Continuing a discussion from my last column on the Industrial Internet of Things (IoT), let’s move into the process industry realm where I believe there are “fewer fools” because control professionals understand the basic requirements for configuration and testing. That’s not to say we don’t make mistakes, but we have standard change management and related procedures to circumvent accidents. We’re also aware of the potential consequences of mistakes and act accordingly.
So other than IIoT devices being more critical than IoT devices such as your doorbell, what does the extra “I” really mean?

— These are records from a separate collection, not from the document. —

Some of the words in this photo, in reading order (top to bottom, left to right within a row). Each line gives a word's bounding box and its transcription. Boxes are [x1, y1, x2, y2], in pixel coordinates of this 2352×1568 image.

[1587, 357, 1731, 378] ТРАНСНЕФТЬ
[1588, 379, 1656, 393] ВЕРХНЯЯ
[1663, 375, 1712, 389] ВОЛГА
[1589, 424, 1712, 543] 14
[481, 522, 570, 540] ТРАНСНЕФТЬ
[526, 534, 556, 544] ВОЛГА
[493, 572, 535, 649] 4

- IIoT devices are widely distributed, so they’re not always in a secure environment (i.e. inside the fence line). And there are additional end points, so in many cases, they’re more vulnerable than traditional field devices.

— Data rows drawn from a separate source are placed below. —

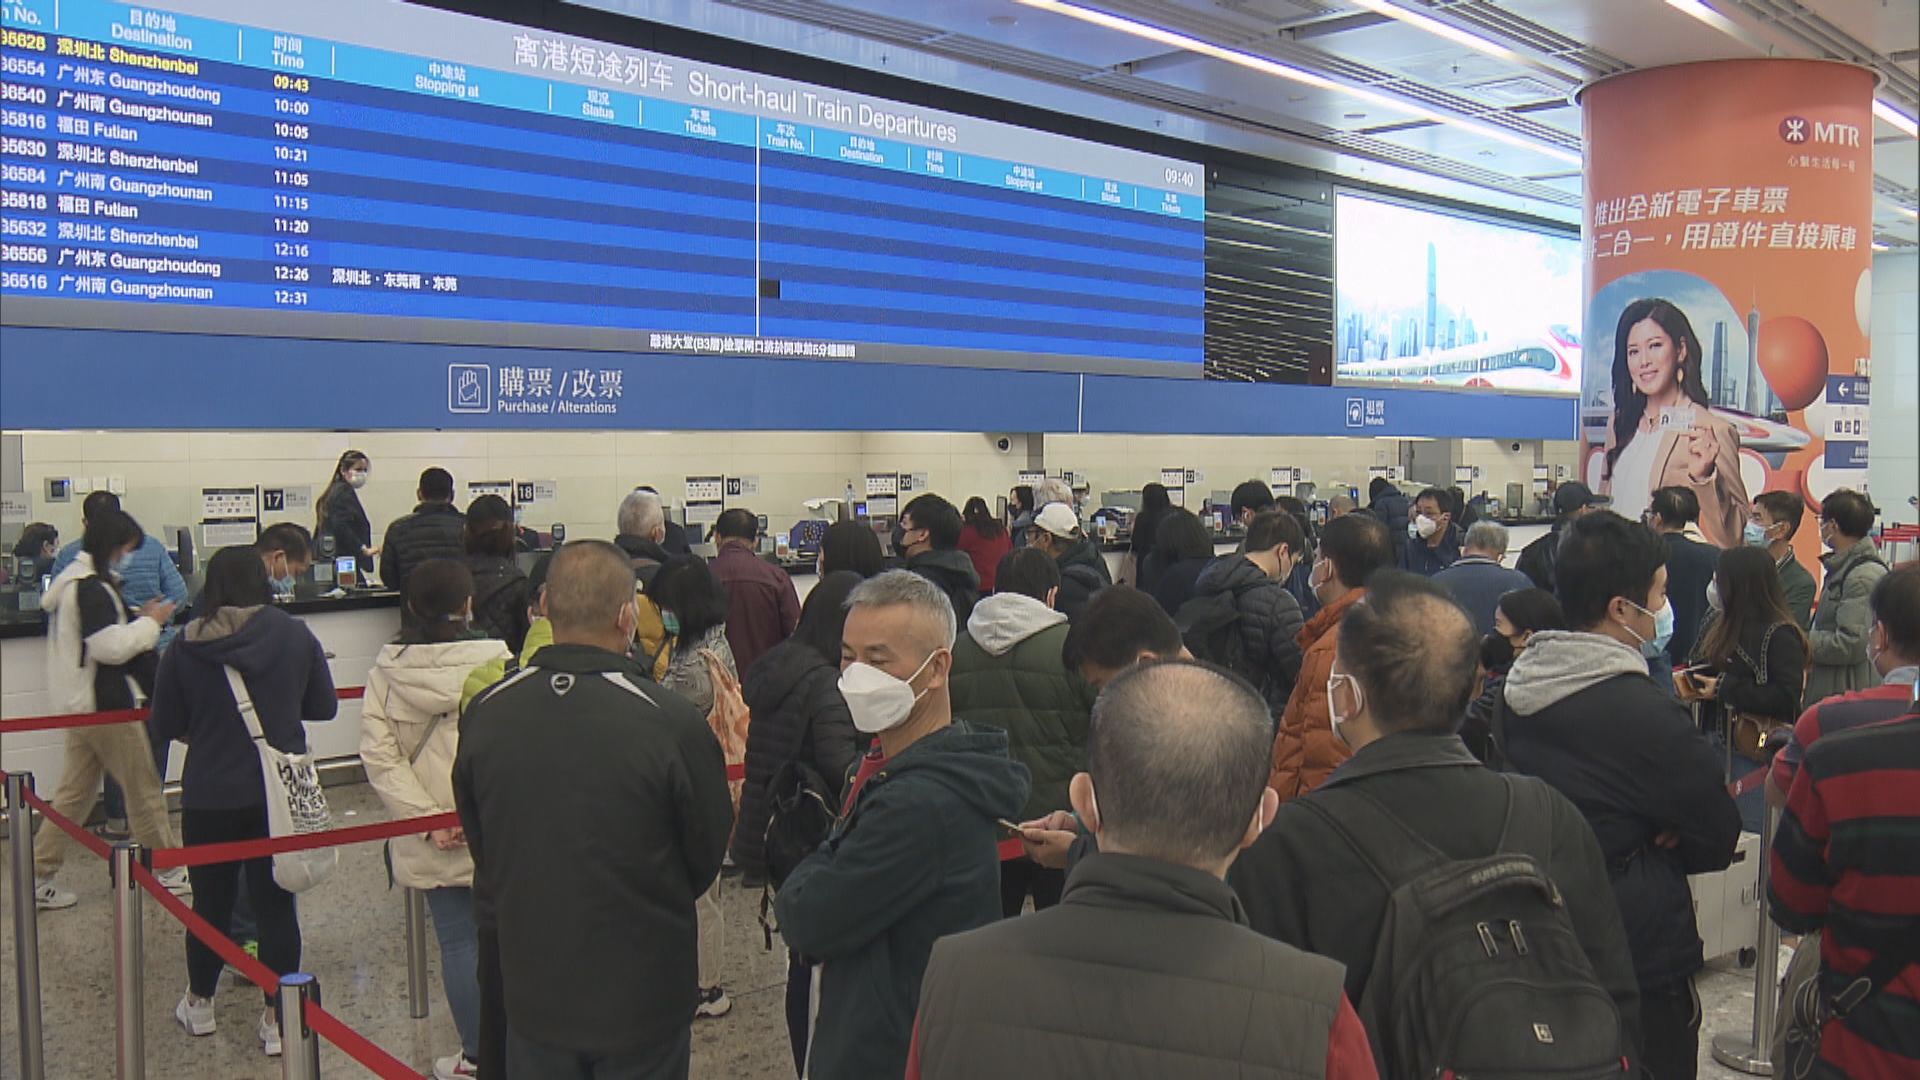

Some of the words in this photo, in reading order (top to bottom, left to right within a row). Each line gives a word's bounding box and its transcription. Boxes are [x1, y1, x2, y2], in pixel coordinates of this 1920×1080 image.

[14, 7, 42, 26] No.
[130, 9, 176, 33] 目的地
[111, 22, 192, 51] Destination
[273, 34, 303, 55] 时间
[57, 37, 105, 61] 深圳北
[109, 48, 198, 75] Shenzhenbei
[273, 74, 309, 93] 09:43
[271, 49, 305, 70] Time
[57, 63, 106, 86] 广州东
[109, 72, 221, 105] Guangzhoudong
[274, 98, 309, 116] 10:00
[415, 73, 466, 98] Stopping
[467, 84, 479, 98] at
[512, 32, 673, 92] 离港短途列车
[687, 70, 797, 115] Short-haul
[804, 90, 853, 124] Train
[858, 105, 957, 144] Departures
[57, 90, 106, 114] 广州南
[109, 98, 213, 128] Guangzhounan
[274, 122, 309, 140] 10:05
[581, 101, 615, 121] Status
[57, 115, 90, 137] 福田
[94, 121, 138, 142] Futian
[274, 146, 308, 163] 10:21
[683, 119, 717, 138] Tickets
[1814, 121, 1860, 149] MTR
[766, 133, 788, 148] Train
[789, 138, 805, 151] No.
[57, 142, 105, 164] 深圳北
[109, 149, 198, 175] Shenzhenbei
[274, 169, 309, 187] 11:05
[840, 145, 884, 165] Destination
[926, 161, 945, 175] Time
[1164, 167, 1194, 188] 09:40
[57, 169, 106, 192] 广州南
[109, 175, 213, 202] Guangzhounan
[274, 194, 309, 211] 11:15
[57, 194, 90, 216] 福田
[94, 200, 138, 220] Futian
[274, 218, 309, 234] 11:20
[1594, 185, 1789, 228] 推出全新電子車票
[58, 221, 106, 242] 深圳北
[110, 226, 199, 250] Shenzhenbei
[274, 242, 309, 258] 12:16
[58, 247, 107, 268] 广州东
[110, 251, 221, 278] Guangzhoudong
[274, 265, 309, 282] 12:26
[58, 274, 107, 295] 广州南
[110, 278, 213, 300] Guangzhounan
[274, 289, 308, 306] 12:31
[498, 365, 623, 399] 購票/改票
[497, 399, 549, 414] Purchase
[558, 400, 617, 414] Alterations
[519, 486, 532, 499] 18
[728, 481, 740, 494] 19
[901, 478, 911, 488] 20
[265, 493, 282, 508] 17

- Provisioning associated with initially connecting a device to the control system must be part of the security and architecture design.

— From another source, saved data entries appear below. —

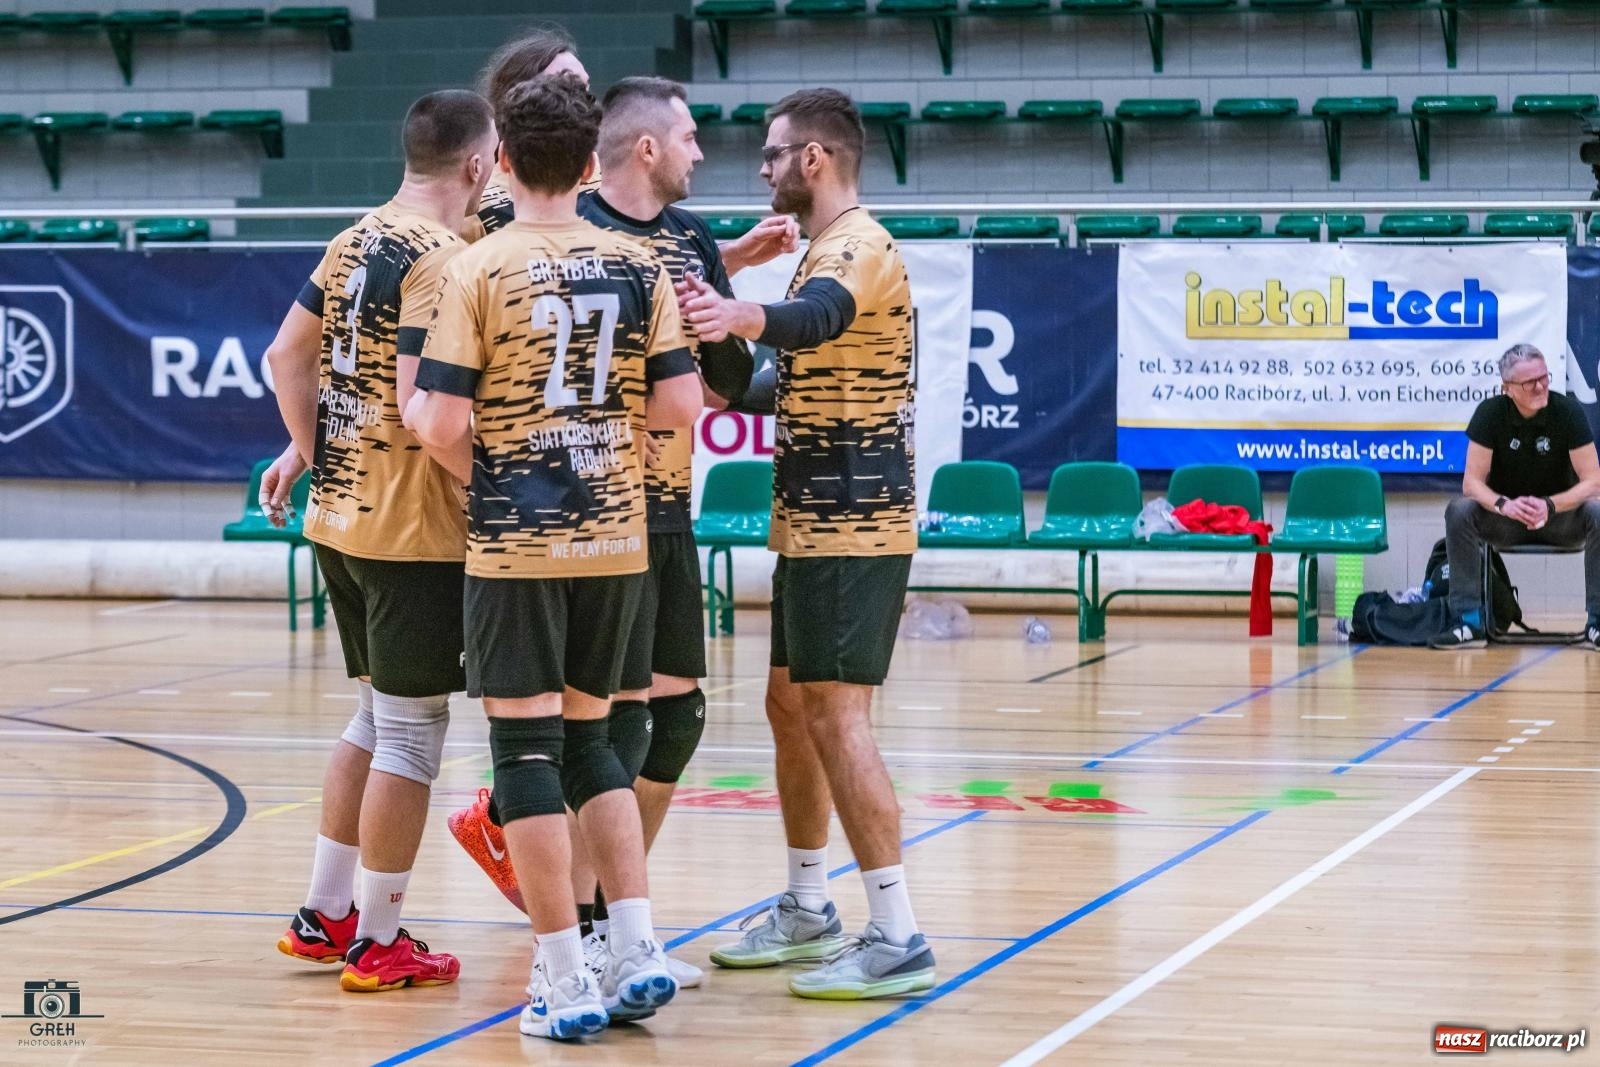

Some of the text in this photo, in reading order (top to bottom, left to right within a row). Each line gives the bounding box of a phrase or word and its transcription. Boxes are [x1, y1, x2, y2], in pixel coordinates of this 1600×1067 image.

[527, 257, 608, 282] GRZYBEK
[1185, 271, 1499, 340] instal-tech
[531, 293, 620, 408] 27
[150, 336, 275, 399] RA
[1139, 358, 1167, 375] tel.
[1172, 359, 1193, 375] 32
[1200, 359, 1234, 375] 414
[1239, 359, 1260, 376] 92
[1266, 359, 1293, 377] 88,
[1304, 360, 1336, 377] 502
[1342, 360, 1375, 377] 632
[1381, 360, 1421, 378] 695,
[1431, 360, 1466, 376] 606
[1152, 384, 1502, 404] 47-400 Racibórz, ul. J. von Eichendorf
[692, 411, 776, 454] OL
[1237, 438, 1444, 465] www.instal-tech.pl
[552, 543, 569, 558] WE
[572, 540, 600, 558] PLAY
[603, 539, 625, 555] FOR

- Automation with limited or no human intervention allows a system to fail gracefully, and recover from intermittent service interruptions or updates.
- Integration with legacy and different sensors and actuators connects the control system in multiple ways, including to cloud-computing services.
- Unlike devices in a home, most industrial installations deploy hundreds or thousands of devices over wide areas and different applications to support reliable operations and asset management.
- Higher levels of accuracy are available, not only for measurements, but also to handle latency and response times because automated, high-speed machinery is synchronized down to milliseconds.
- Flexibility to be programmed or configured to meet specific applications. A single sensor can measure multiple different ranges over its life, depending on where and how it’s deployed.
- Industrial products are designed to operate for 20-30 years before a scale replacement is performed. Plus, they must run with high availability and reliability since poor data from I/O reduces model accuracy.
- IIoT devices are often deployed in harsh environments that are regularly subjected to extreme cold, heat, vibration, pressure and hazardous/flammable (gas/dust) conditions.
- System architectures must be resilient and always complete their processes, so they don’t negatively impact operations.
- IIoT devices must be serviceable to sustain the levels of performance required over anticipated lifecycles. Serviceability extends from swapping out sensors or power supplies and updating firmware to configuring gateways and servers without impacting other devices on the network.
- Advanced analytics are crucial to extract actionable insights, including self-diagnostics, from the vast amounts of machine-generated data that drives major operational improvements. They do this by enabling predictive maintenance, real-time process optimization and identifying potential bottlenecks.
We tend to take this list for granted because that’s what control systems do. However, home IoT devices are intended to be easy to set up, but aren’t suitable for all the other requirements. Though an IoT sensor may provide the signal, it may not be able to do it for the multiple years needed in industrial settings. Masking an IoT device in another shell to make it look like an IIoT device, or worse, fake, forged or knock-off units that look the same right down to the packaging is another challenge.
One possible way to reduce the likelihood of a fake or forged unit is with digital nameplate or electronic labels that are directly linked to the manufacturer to provide original certificates, user manuals, software updates, etc. Unfortunately, electronic labeling has too many global variations by country, industry or even manufacturer. The recently completed IEC 63365 committee’s work on a digital nameplate standard, known as IEC SC65E WG2, is one such standard for process transmitters, but there are similar standards for medical devices and others. To help with the interoperability of these electronic labels, NEMA has started an initiative analogous to the unique identifier (UID) used in asset management to define a baseline for all intelligent labels regardless of industry or application. Time will tell if they’re successful.